I guess I'll throw my .10c in here, since I have plenty of experience with PR modeling and using them in a car as well. PR's can work very well in a car. While subwoofers have gotten pretty beastly in the last few years, so have passive radiators. Most good PR's have 30-40mm of xmax and you generally have 2x as much cone area in passives as you do speaker. Passives don't have the limitation of airspeed through the port and the boxes are MUCH smaller. The crazy excursion on these woofers with the high Bl means they can produce a lot of bass in small ported box, but need a BIG port do it. If he wants to do 25hz tuning, he can use passives and make a 3-4cubic foot box, or he can use a correctly sized port and end up with a 6 cubic foot box, with 2 feet being eaten up by the wide and very long port. That's the huge advantage of a passive, that and adjustable tuning. Nobody get's car boxes spot on first try, when adjusting tuning takes a few minutes (rear loaded passives or only a few seconds (front loaded passives) that's pretty sweet. I can tune my box between anywhere between 45hz and 15hz in a matter of seconds.
Now to address that 5200. Those T/S specs ARE correct, your looking at quite possibly the most overmotored sub in history. While it's EBP suggests a ported alignment, in this case, the specs are so far from most other woofers, it's misleading. The only way to NOT make a fart cannon box out of this thing is to use a sealed enclosure. Interestingly, ANY sealed enclosure. You can literally put this thing in a box just big enough to fit the magnet structure and not really effect it's low end output much. Go model it in a 6 cube sealed vs a 2cube sealed to see what I mean, it's just sooo low Q that it really doesn't matter, the motor force makes up the difference. Nothing ported you can build will not be peaky for this thing in a car, that's not what it was made for, in a car it's good for SPL and in a home, it can give you very low bass in a super small box with some EQ work applied.

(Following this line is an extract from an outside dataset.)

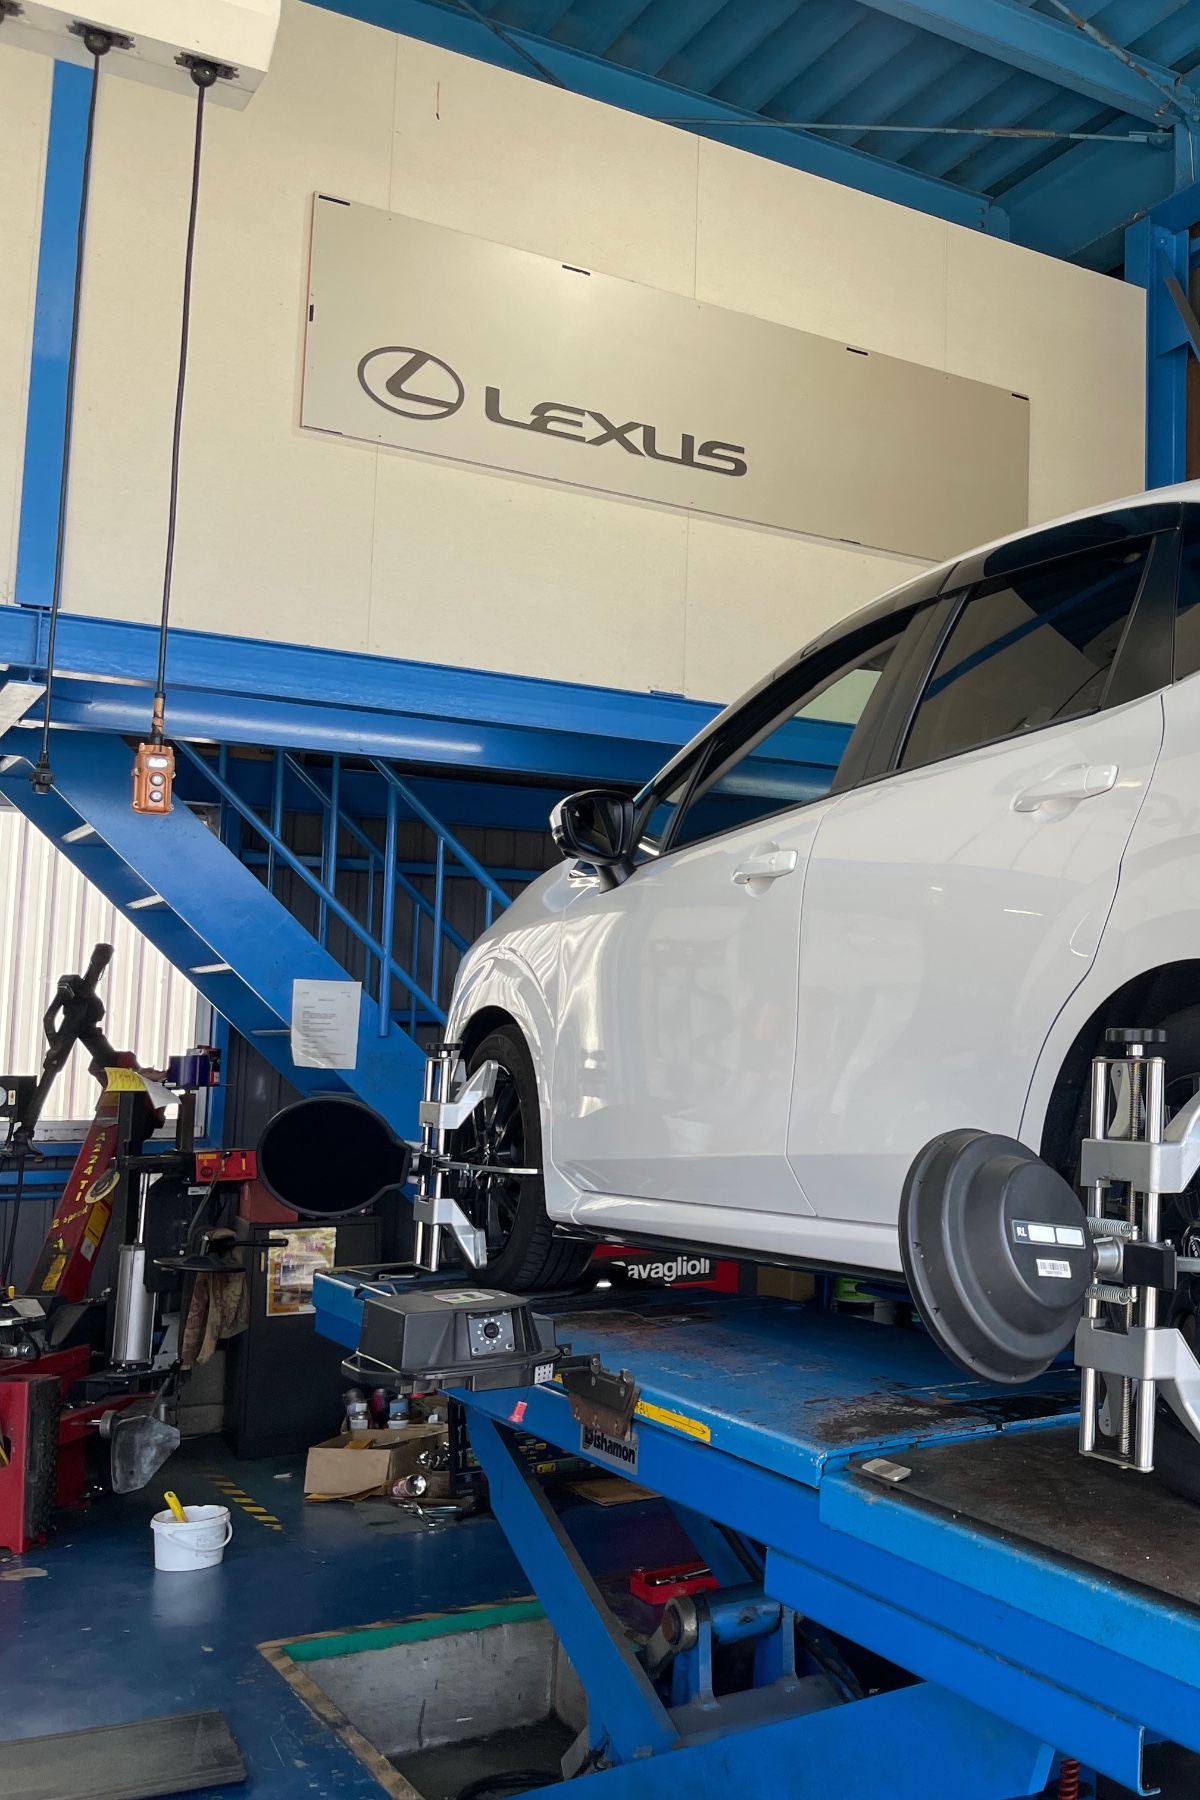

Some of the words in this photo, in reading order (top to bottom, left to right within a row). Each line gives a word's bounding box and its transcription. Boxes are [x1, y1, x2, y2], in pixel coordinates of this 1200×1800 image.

[484, 385, 749, 478] LEXUS
[1016, 1226, 1028, 1237] RL
[611, 1256, 710, 1282] avaglioli
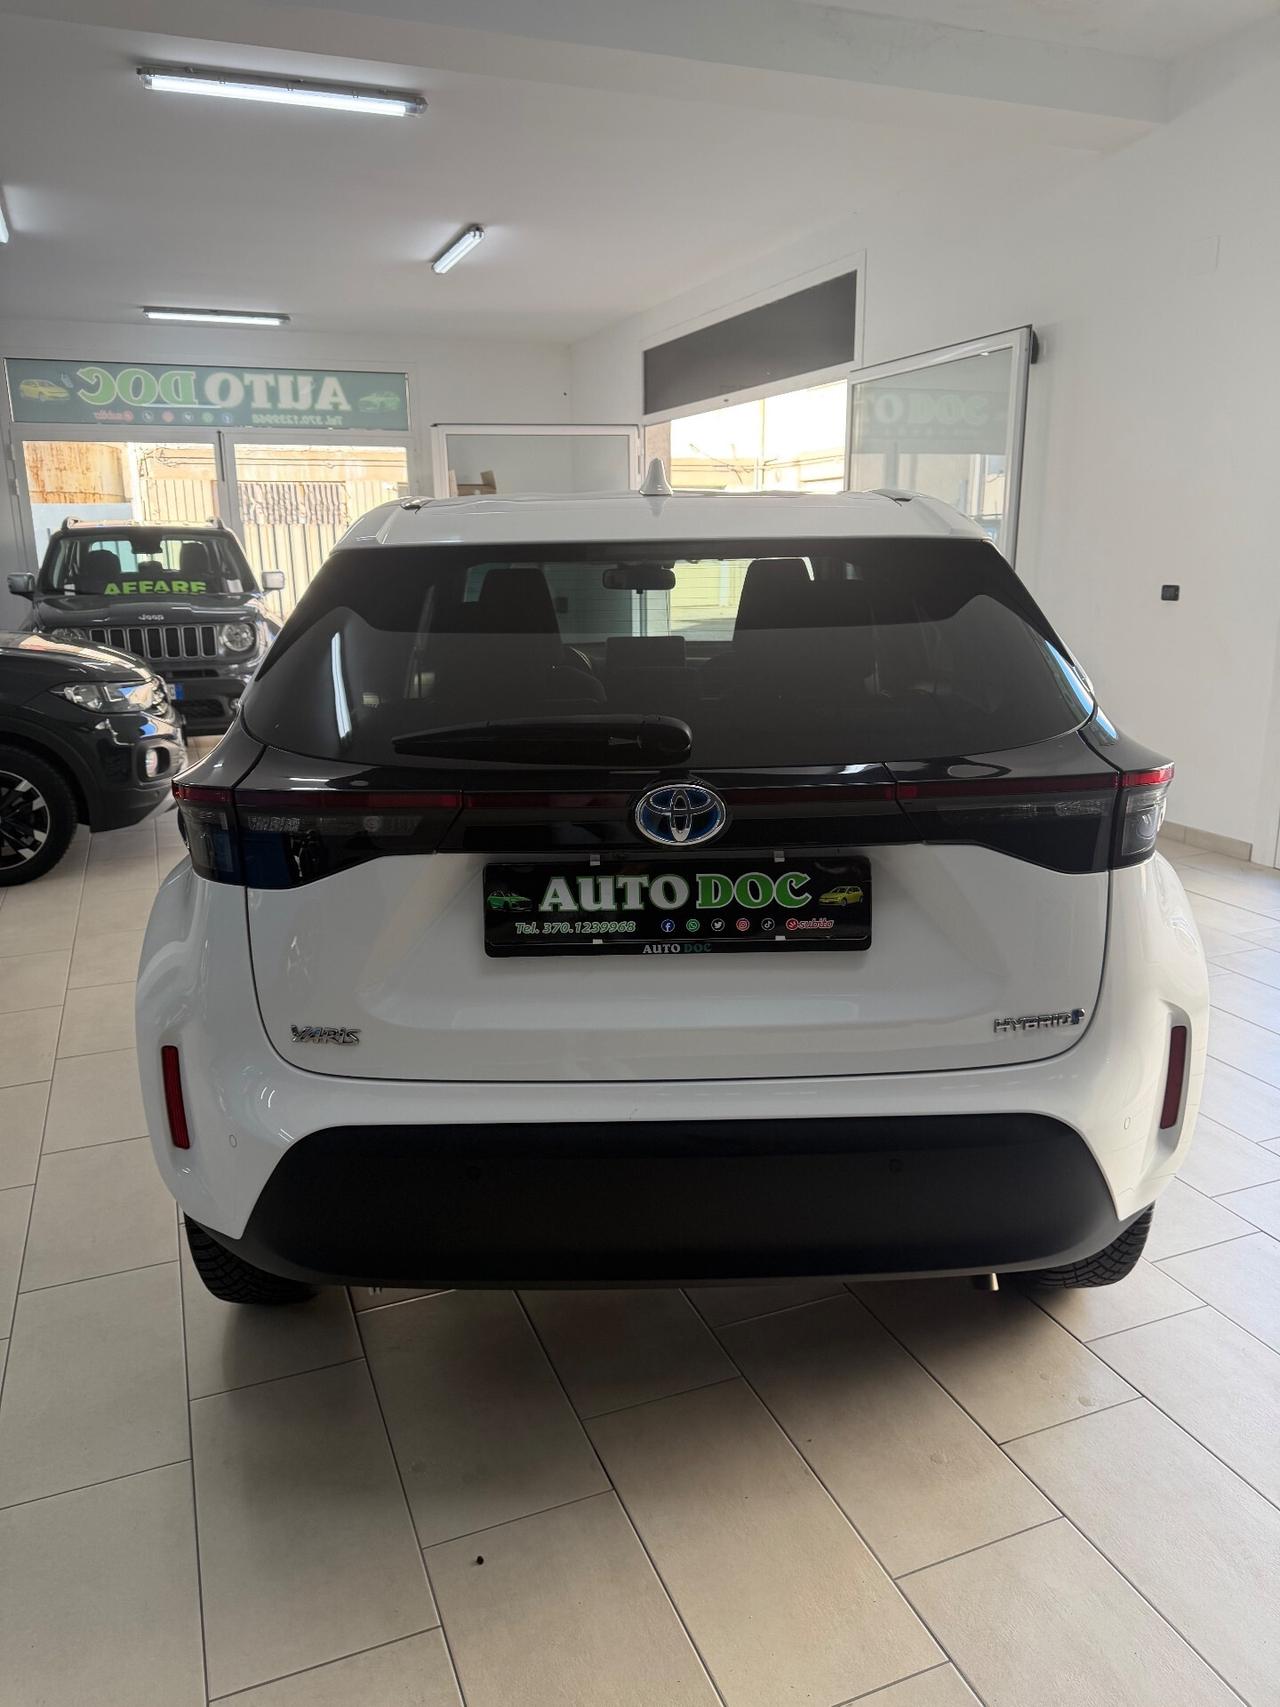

Beyond all that, ported and PR alignments are the same thing, they are both using resonators, the only difference one uses air and one uses a speaker cone. The suspension acts as another order of a HPF, so it' rolls off just a hair faster (5th order vs 4th order) below tuning, but beyond that, they are the same. Unless of course your port isn't adequately sized, in which case the PR will outperform a port at higher levels. Out of what you've posted graphs for, I liked the the white graph on the first page, that was pretty flat response overall. I believe that's the SSA Zcon? I actually had my eye on the ssa dcon for PR use due to it's T/S. What you generally want to look for for a "good" candidate for PR boxes is something that will model well in a small ported enclosure, slowly falling response for flat in car response, that needs to be tuned very low to do that.. With a standard port, that's a PITA type of box as the port ends up eating up airspace, making your small box not so small. DCON fits the bill, apparently so does the XCON, which is good as their other lines didn't when I messed with it, never even bothered with the Zcon.